Thursday, November 8, 2012

Blessings First!


Mia's journey always reminds us to count our blessings first. Our most recent blessing came a few weeks ago at her last endocrinologist appointment. We were so pleased to learn she gained a couple pounds and grew about 2 inches this year!!!!! Although she continues to fall way below the curve, she is making progress. Her Hershey and Nutella diet is working wonders! Wish my diets were as successful as hers. Oh, that's right, they are! My chocolate diet successfully packs on the pounds too. If only my scale could afford to go in the same direction as hers.

Our second blessing came a few days before Halloween. Mia rode a bike for the first time! Don't get me wrong, she has been on several bikes and has tried to ride each of them, "tried" being the key word. Her short stature made it impossible to reach most trike pedals and her low muscle tone limited her ability to pedal with enough strength to propel the bike forward. Consequently, most sessions ended in frustration rather quickly. With Mia's new adaptive bike (specifically geared toward kids with physical needs similar to Mia's), not only can she ride it, she loves to ride it!!!!

Those blessings counted!

Mia's next challenge is not being counted as a blessing yet, although, we are trying to look on the bright side. Yesterday Mia's x-rays  revealed no change in her scoliosis since August. That is the bright side. The not so bright side is that her curve is very significant and something seen in a 12 year old child, not a 3 year old (almost 4). Mia will eventually need surgery but her orthopaedic surgeon does not recommend surgery until after puberty due to the fact that spinal surgery limits growth. Mia does complain that her back hurts. The fact that she is complaining combined with the significance of her curve, he recommends she wear a scoliosis brace. This will hopefully help slow the progression of her curve so we can postpone surgery as long as possible. The brace is a full back brace that spans from her chest to the top of her thighs. It is to be worn 23 hours a day, everyday, until she is in her "double digits"! Yes, I said 23 hours a day and double digits. As her parents, it feel more like a sentence than a blessing. We know it is the right decision but it doesn't make it easier to accept.

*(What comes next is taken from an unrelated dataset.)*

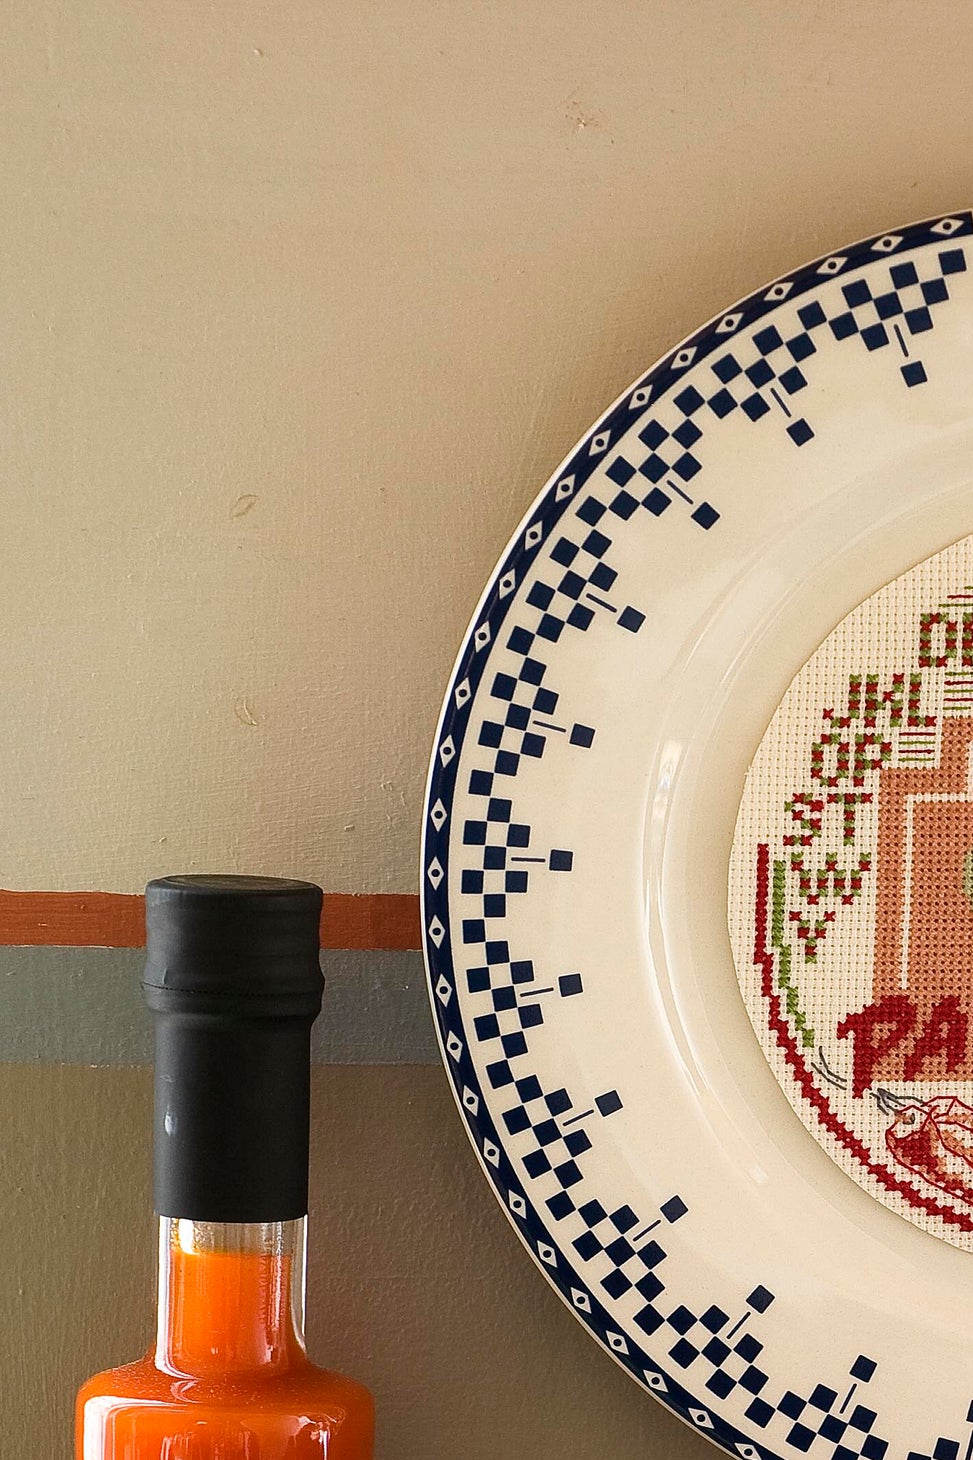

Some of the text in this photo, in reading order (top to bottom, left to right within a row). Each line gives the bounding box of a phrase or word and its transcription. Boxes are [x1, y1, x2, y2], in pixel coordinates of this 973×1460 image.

Here is a picture of a brace like what she will wear. She, of course, had the opportunity to choose her own design! It will arrive Dec. 7th and I will post pictures shortly after, I'm sure!

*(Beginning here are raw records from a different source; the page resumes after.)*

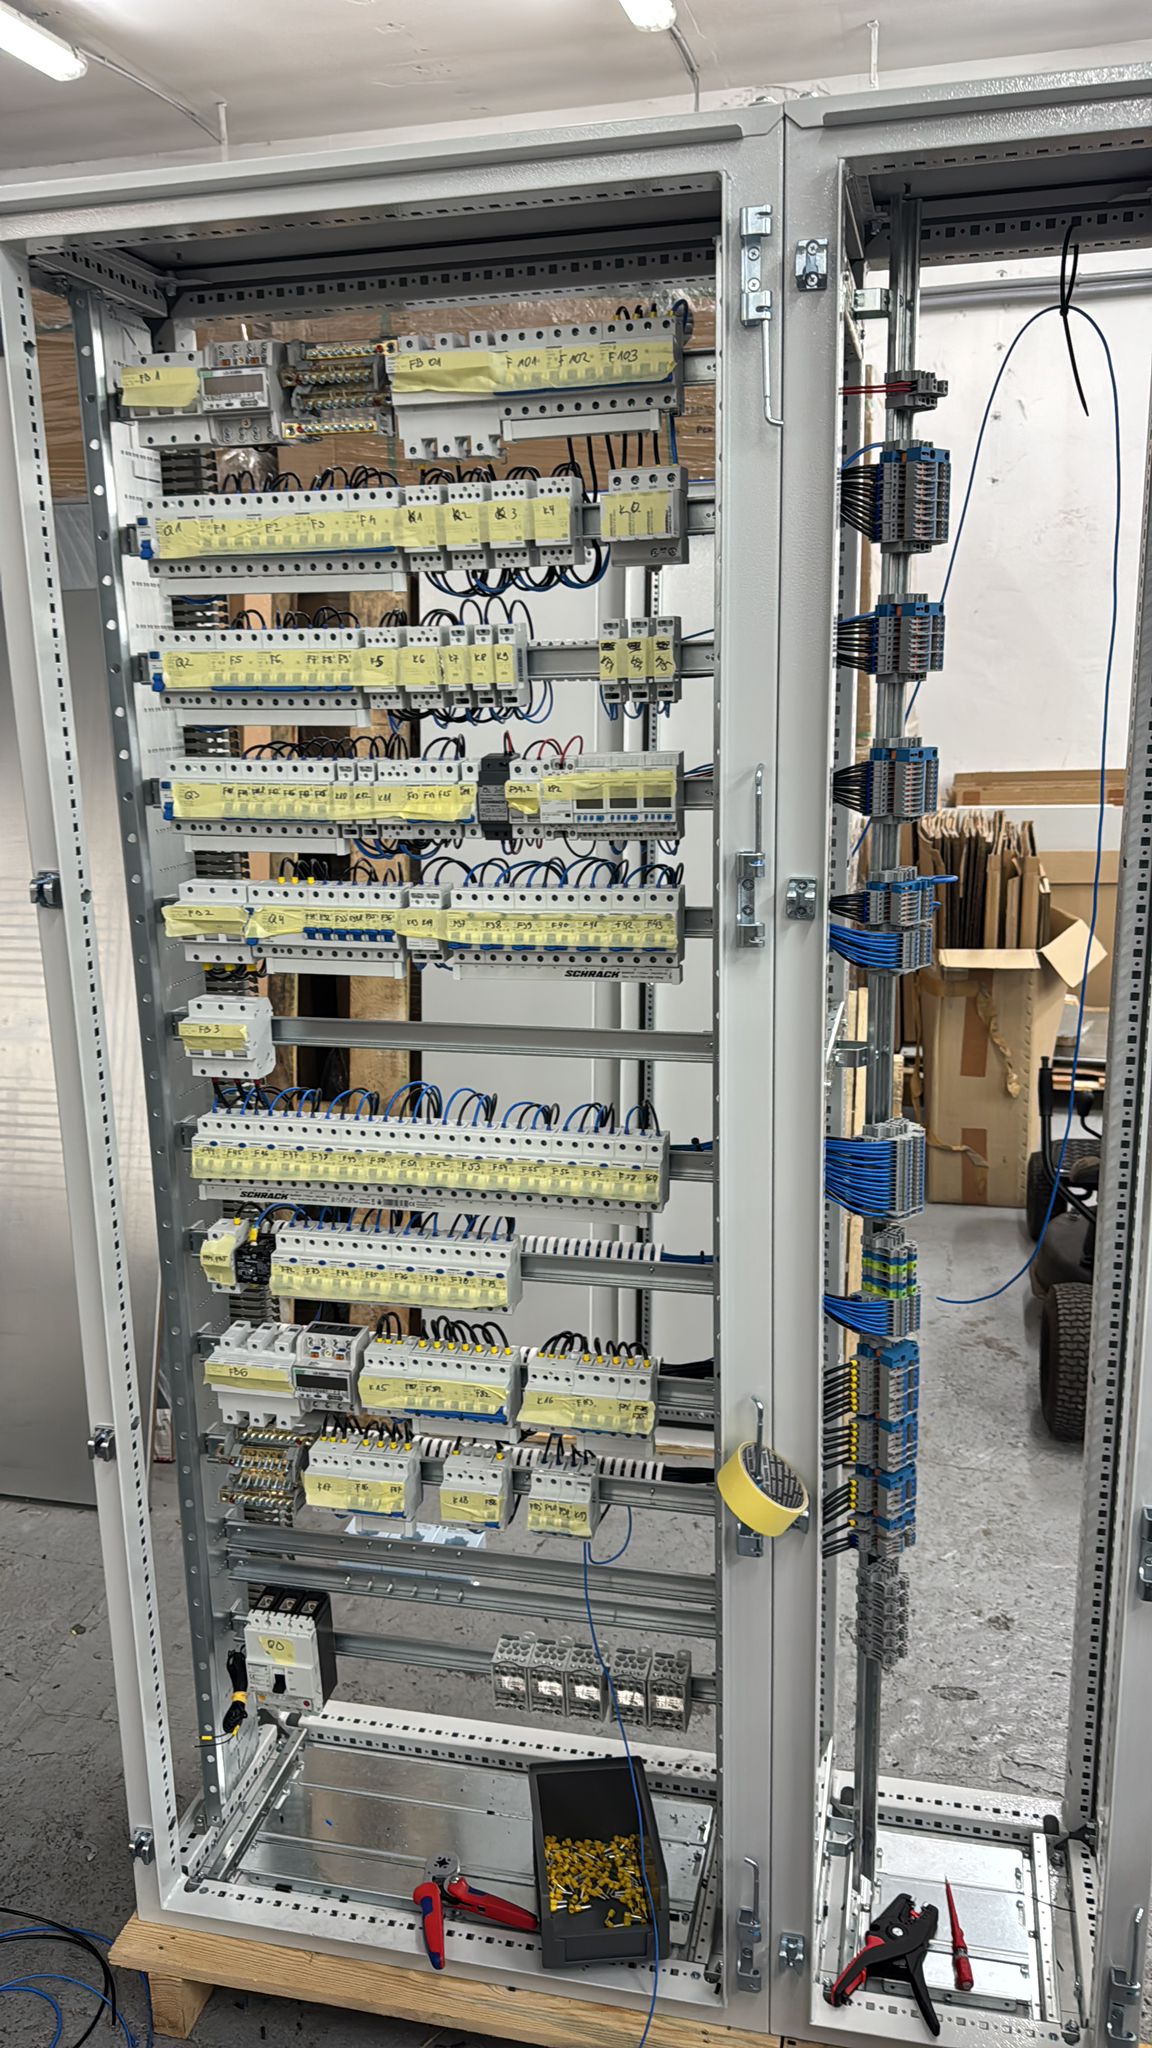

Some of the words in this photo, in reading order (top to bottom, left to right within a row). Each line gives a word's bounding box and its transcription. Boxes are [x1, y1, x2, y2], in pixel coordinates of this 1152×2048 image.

[409, 358, 423, 369] FB
[428, 357, 441, 367] 01
[176, 657, 194, 669] Q2
[229, 655, 243, 665] F5
[564, 970, 620, 978] SCHRACK
[240, 1191, 289, 1199] SCHRACK
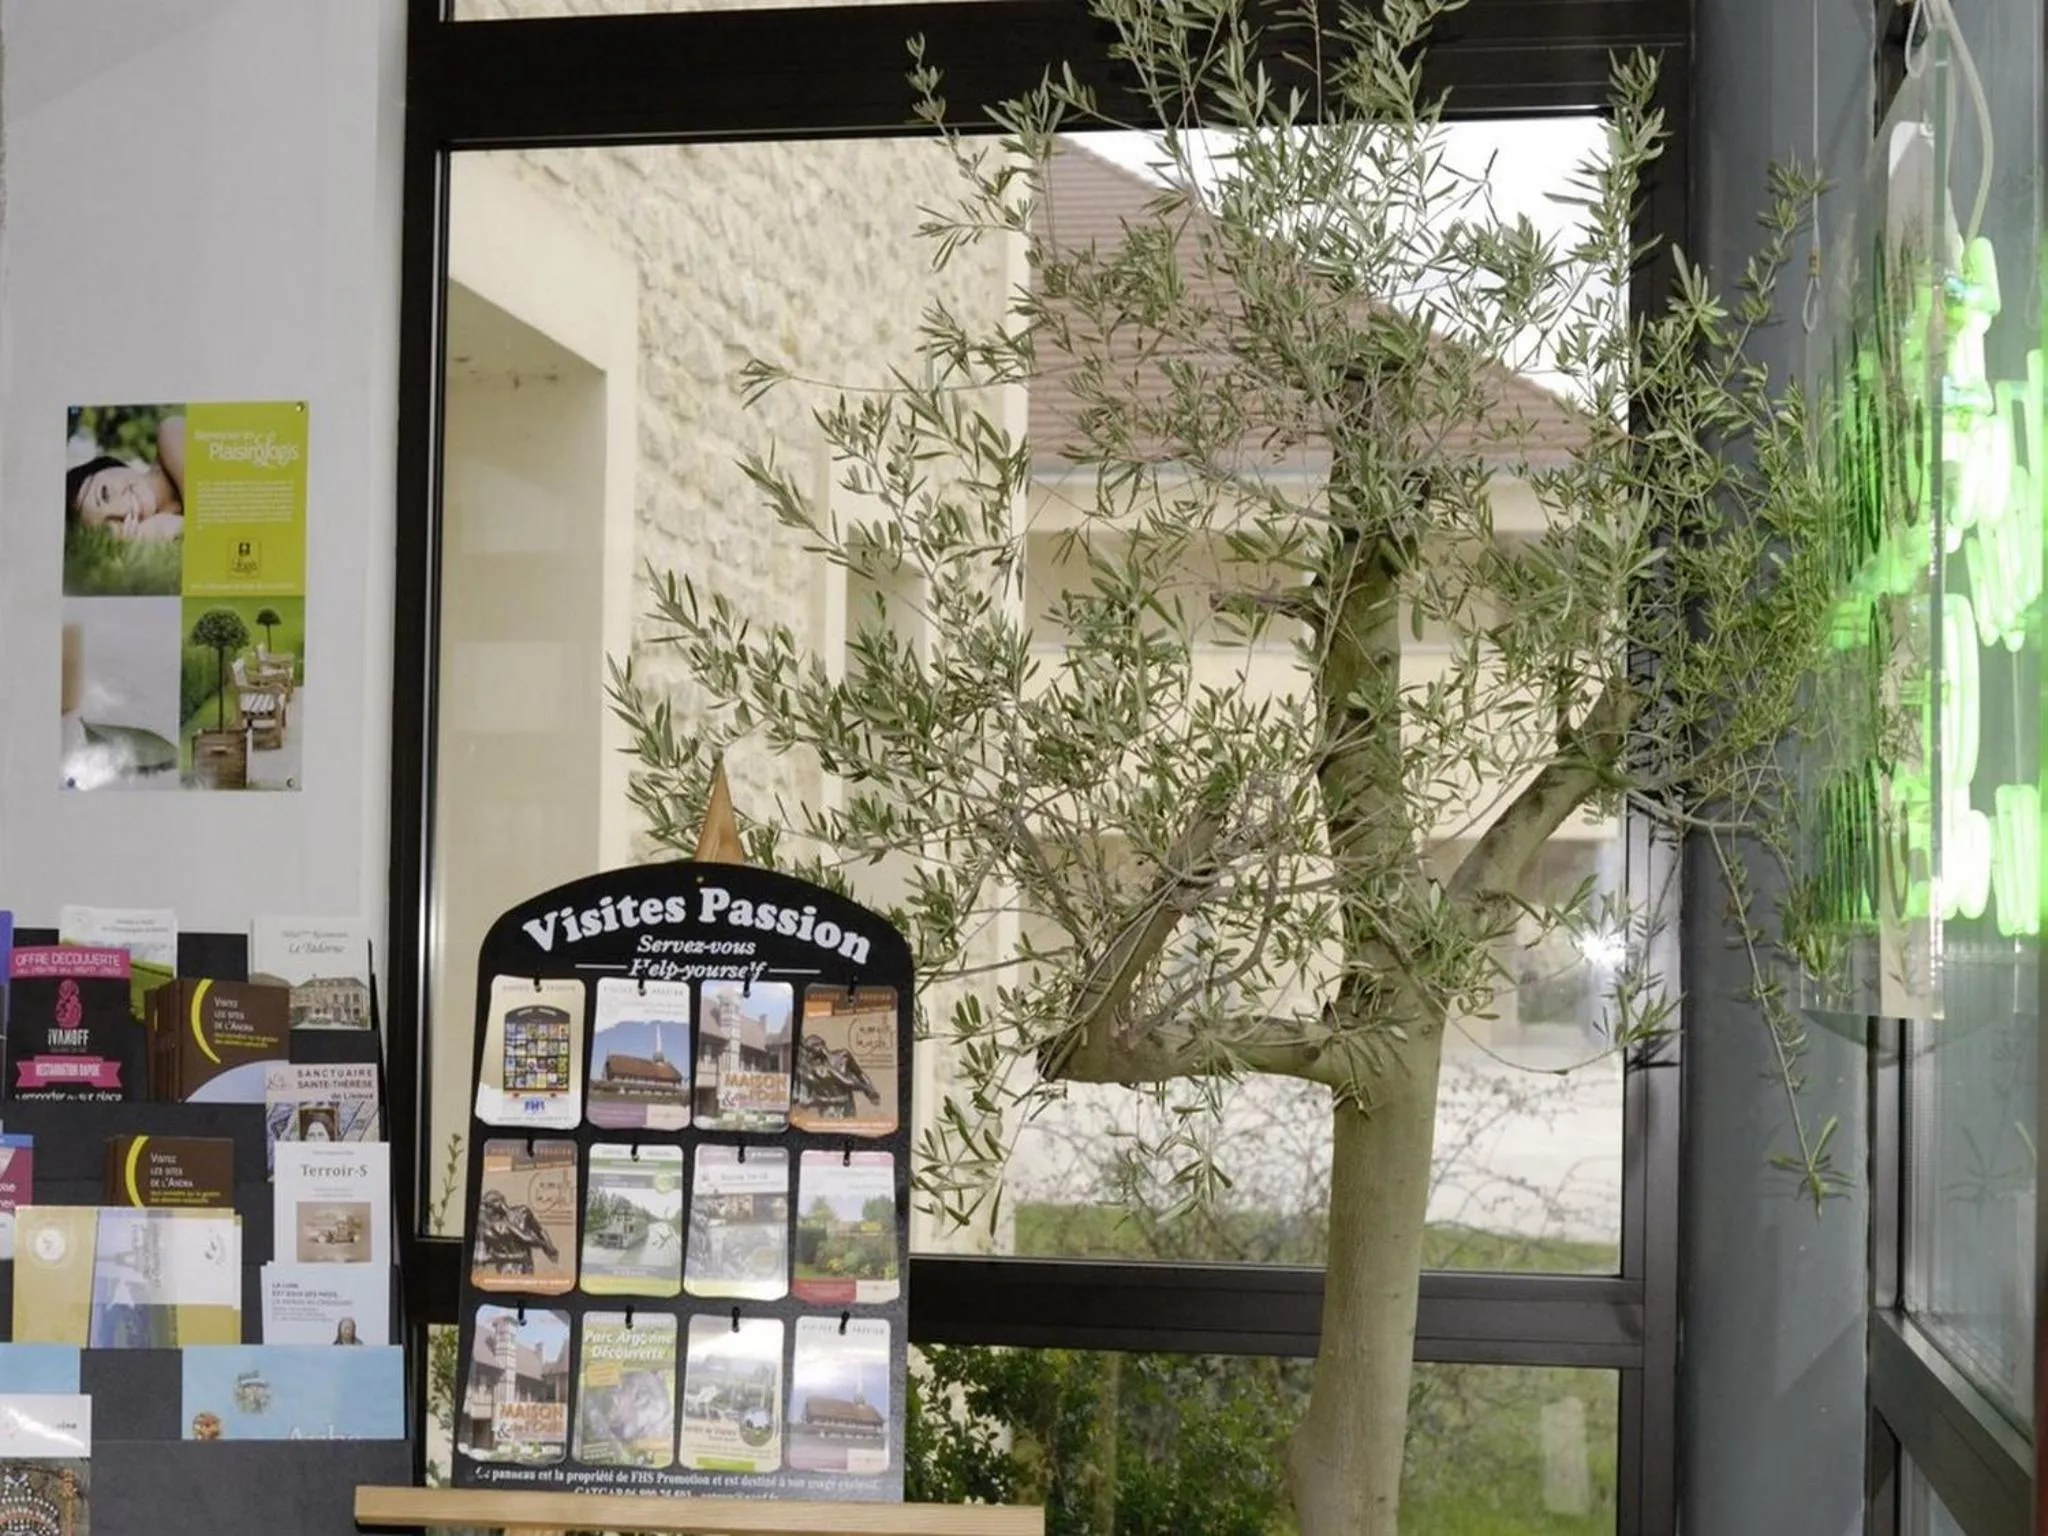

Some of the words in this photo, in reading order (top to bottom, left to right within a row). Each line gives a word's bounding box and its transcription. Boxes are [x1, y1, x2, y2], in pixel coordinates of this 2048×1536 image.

[523, 895, 686, 952] Visites
[697, 886, 872, 965] Passion
[637, 934, 757, 955] Servez-vous
[15, 952, 49, 966] OFFRE
[296, 1069, 373, 1079] SANCTUAIRE
[300, 1163, 369, 1178] Terroir-S
[492, 1468, 536, 1481] panneau
[538, 1469, 551, 1480] est
[554, 1468, 564, 1480] la
[566, 1469, 614, 1484] propriété
[616, 1471, 628, 1483] de
[656, 1472, 710, 1486] Promotion
[712, 1473, 723, 1486] et
[724, 1475, 739, 1487] est
[741, 1474, 777, 1487] destiné

Dave and I always say Mia is such a trooper. She takes every obstacle in stride and deals better than we do. The truth is, we know Mia will have to fight for everything she has and does in life. She has already exceeded her potential and accomplished more than most her age and even older. We often think that it doesn't seem fair. However, we also know that things could be so much worse. After all, it's just a brace. It's not invasive. It's pretty stylish. And there are children struggling everyday with graver illnesses.

So, we will continue to count our blessings first!!!!! Then complain just a little!